(Images for object localization)
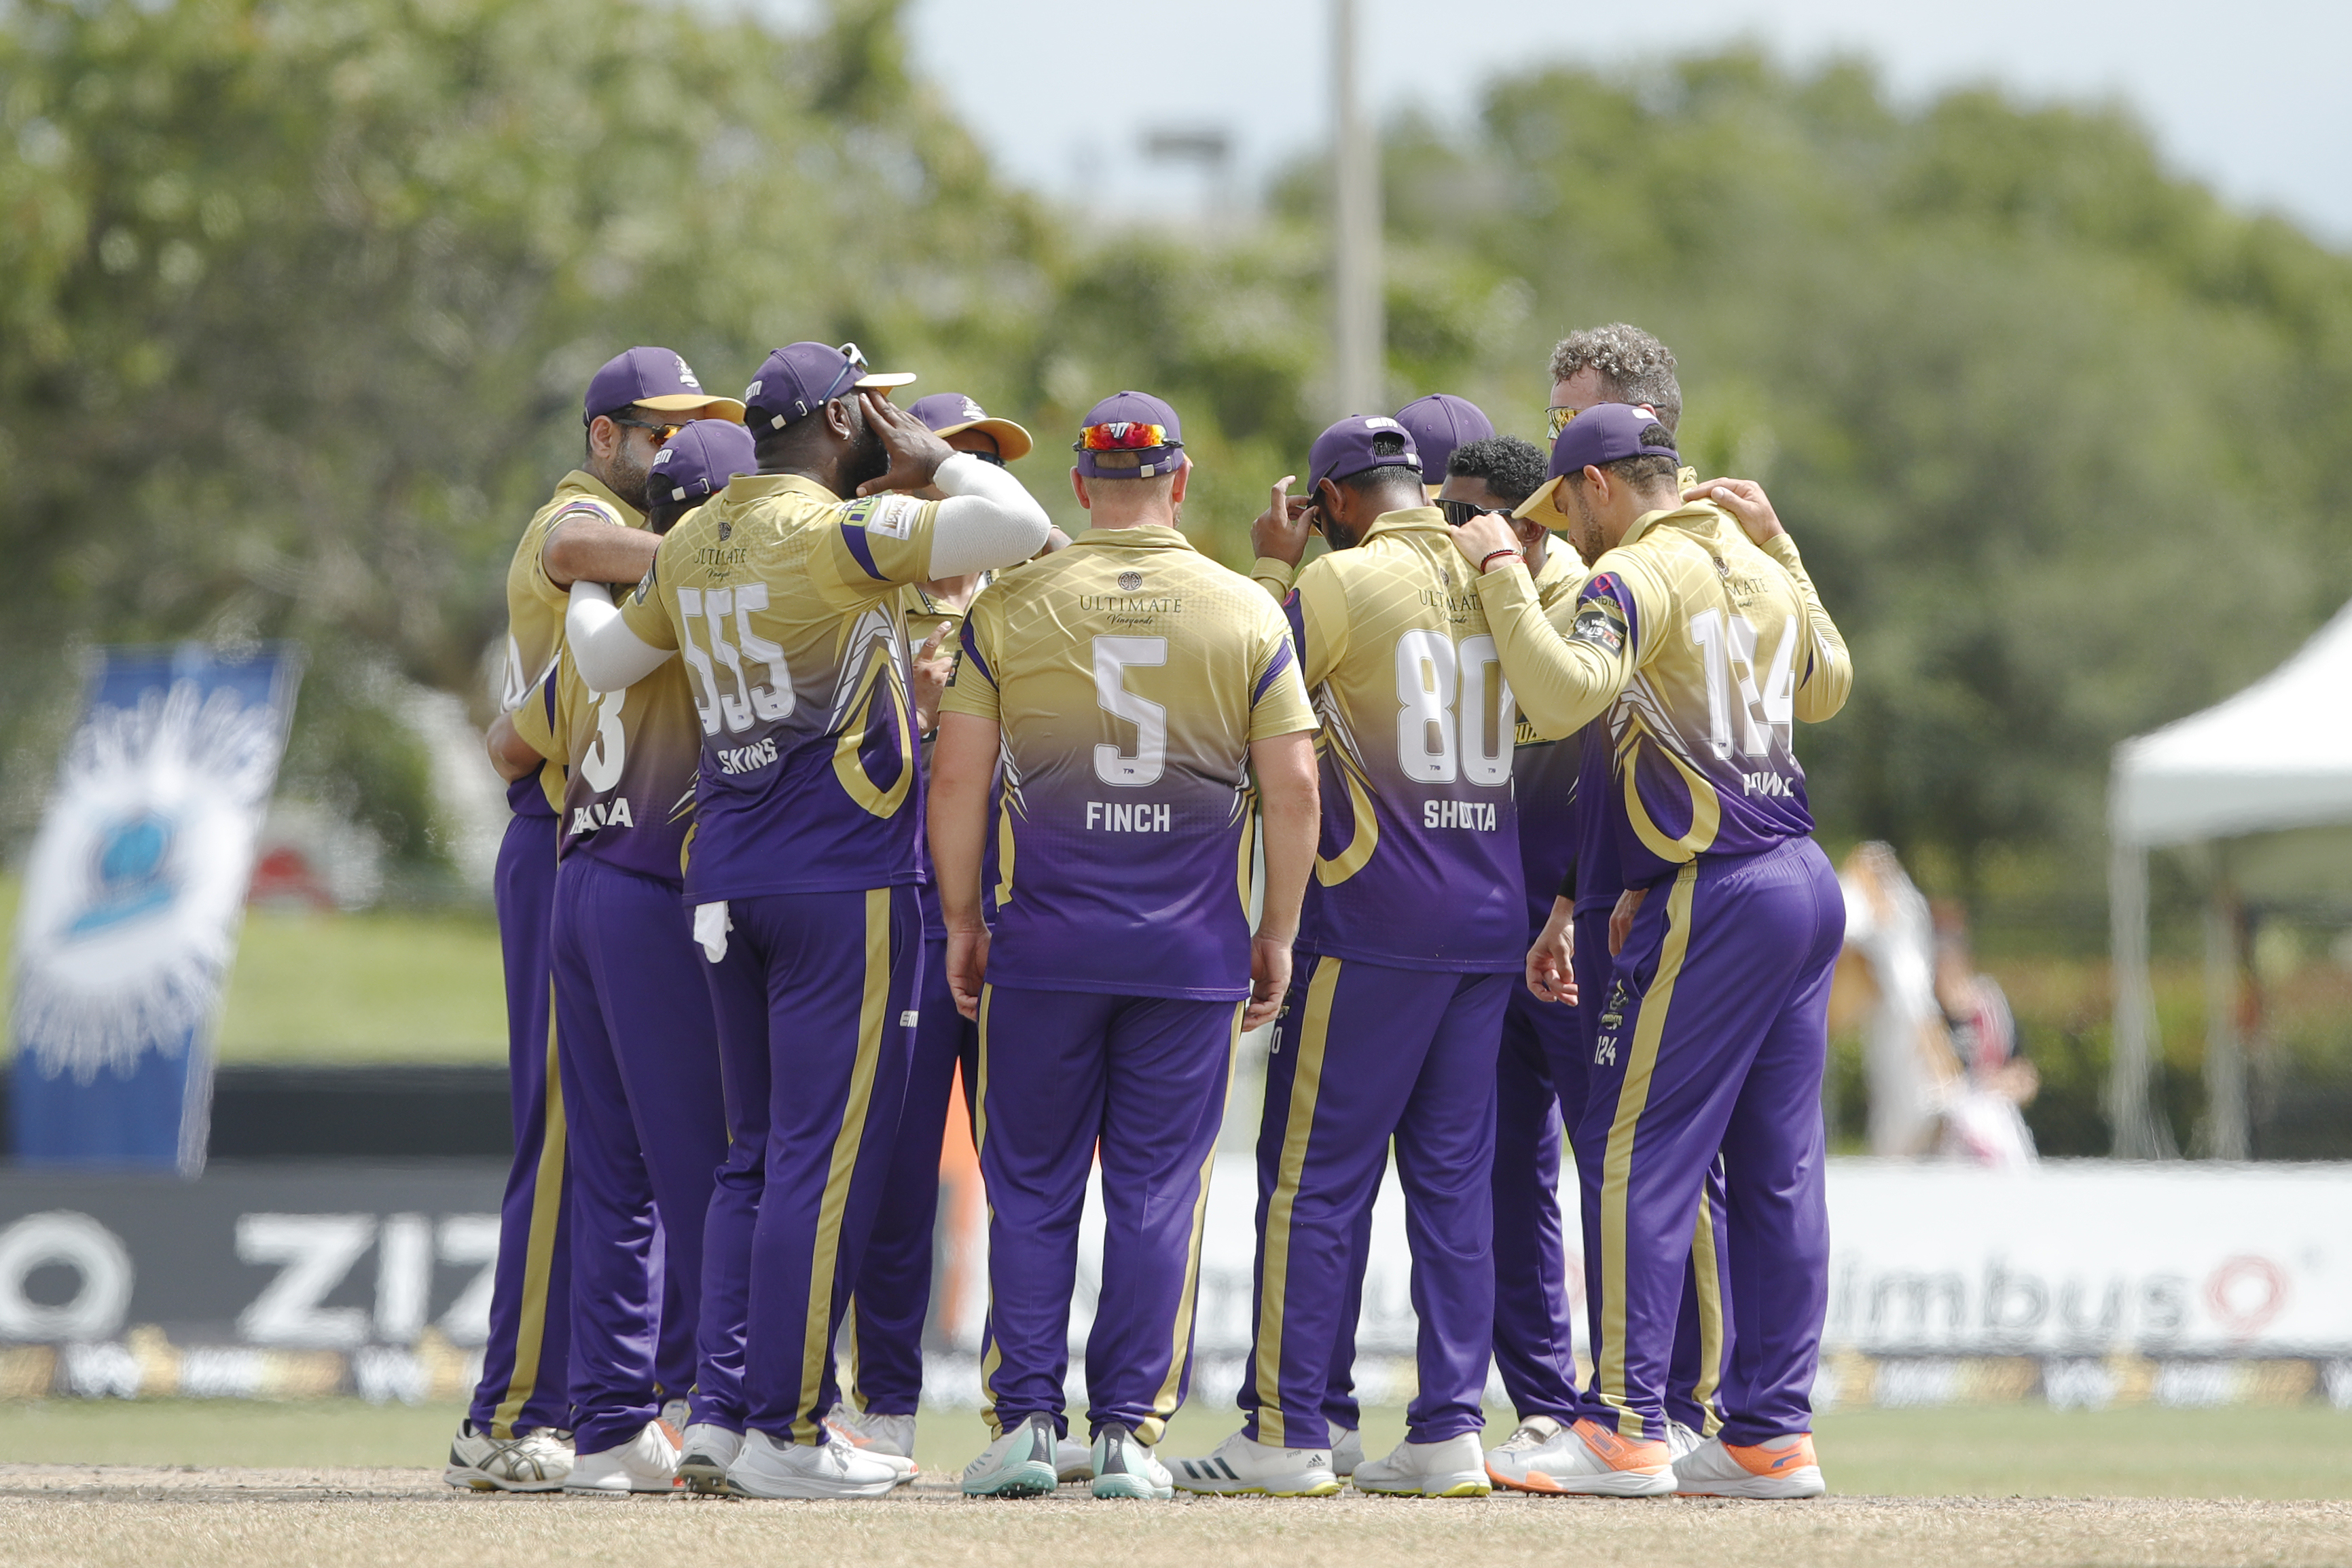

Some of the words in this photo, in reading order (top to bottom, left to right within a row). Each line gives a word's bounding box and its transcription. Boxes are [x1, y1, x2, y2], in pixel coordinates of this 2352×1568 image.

[1079, 594, 1182, 613] ULTIMATE
[1106, 613, 1154, 629] Vineyards
[676, 581, 796, 736] 555
[1092, 634, 1168, 787] 5
[1394, 628, 1516, 787] 80
[581, 687, 626, 793] 3
[717, 737, 778, 775] SKINS
[1086, 800, 1171, 833] FINCH
[1593, 1035, 1618, 1067] 124

■ What to produce
Without the pictures, reproduce every record exactly as it appears above.

■ Result
Some of the words in this photo, in reading order (top to bottom, left to right within a row). Each line gives a word's bounding box and its transcription. Boxes are [x1, y1, x2, y2], in pixel coordinates of this 2352×1568 image.

[1079, 594, 1182, 613] ULTIMATE
[1106, 613, 1154, 629] Vineyards
[676, 581, 796, 736] 555
[1092, 634, 1168, 787] 5
[1394, 628, 1516, 787] 80
[581, 687, 626, 793] 3
[717, 737, 778, 775] SKINS
[1086, 800, 1171, 833] FINCH
[1593, 1035, 1618, 1067] 124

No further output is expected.